* [TASK TO COMPLETE]
All lines from the one with "this 1424×1068 image." through the end of the records below are to be given again exactly, and nothing else.

========================================================================

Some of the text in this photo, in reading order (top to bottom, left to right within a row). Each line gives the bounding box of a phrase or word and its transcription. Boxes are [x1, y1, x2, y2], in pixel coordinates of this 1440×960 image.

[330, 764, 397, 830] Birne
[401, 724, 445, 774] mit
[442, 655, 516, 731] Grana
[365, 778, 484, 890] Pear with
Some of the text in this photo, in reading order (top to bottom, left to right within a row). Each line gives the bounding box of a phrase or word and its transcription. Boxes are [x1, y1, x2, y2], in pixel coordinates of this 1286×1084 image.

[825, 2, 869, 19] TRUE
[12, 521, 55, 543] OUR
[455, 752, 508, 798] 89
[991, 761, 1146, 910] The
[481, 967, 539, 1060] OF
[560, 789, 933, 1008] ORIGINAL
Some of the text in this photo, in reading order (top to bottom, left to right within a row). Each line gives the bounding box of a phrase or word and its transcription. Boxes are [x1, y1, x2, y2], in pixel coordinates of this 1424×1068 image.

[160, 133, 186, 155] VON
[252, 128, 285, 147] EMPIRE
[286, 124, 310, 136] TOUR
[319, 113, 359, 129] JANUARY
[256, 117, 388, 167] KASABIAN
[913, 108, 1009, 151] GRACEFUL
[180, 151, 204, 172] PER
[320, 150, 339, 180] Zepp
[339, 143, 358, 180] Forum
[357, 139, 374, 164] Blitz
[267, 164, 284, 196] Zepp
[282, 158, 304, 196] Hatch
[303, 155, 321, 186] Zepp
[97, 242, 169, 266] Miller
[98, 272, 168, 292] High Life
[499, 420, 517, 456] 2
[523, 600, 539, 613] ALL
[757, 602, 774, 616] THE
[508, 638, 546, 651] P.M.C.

========================================================================

* [EXERCISE RESULT]
Some of the text in this photo, in reading order (top to bottom, left to right within a row). Each line gives the bounding box of a phrase or word and its transcription. Boxes are [x1, y1, x2, y2], in pixel coordinates of this 1424×1068 image.

[160, 133, 186, 155] VON
[252, 128, 285, 147] EMPIRE
[286, 124, 310, 136] TOUR
[319, 113, 359, 129] JANUARY
[256, 117, 388, 167] KASABIAN
[913, 108, 1009, 151] GRACEFUL
[180, 151, 204, 172] PER
[320, 150, 339, 180] Zepp
[339, 143, 358, 180] Forum
[357, 139, 374, 164] Blitz
[267, 164, 284, 196] Zepp
[282, 158, 304, 196] Hatch
[303, 155, 321, 186] Zepp
[97, 242, 169, 266] Miller
[98, 272, 168, 292] High Life
[499, 420, 517, 456] 2
[523, 600, 539, 613] ALL
[757, 602, 774, 616] THE
[508, 638, 546, 651] P.M.C.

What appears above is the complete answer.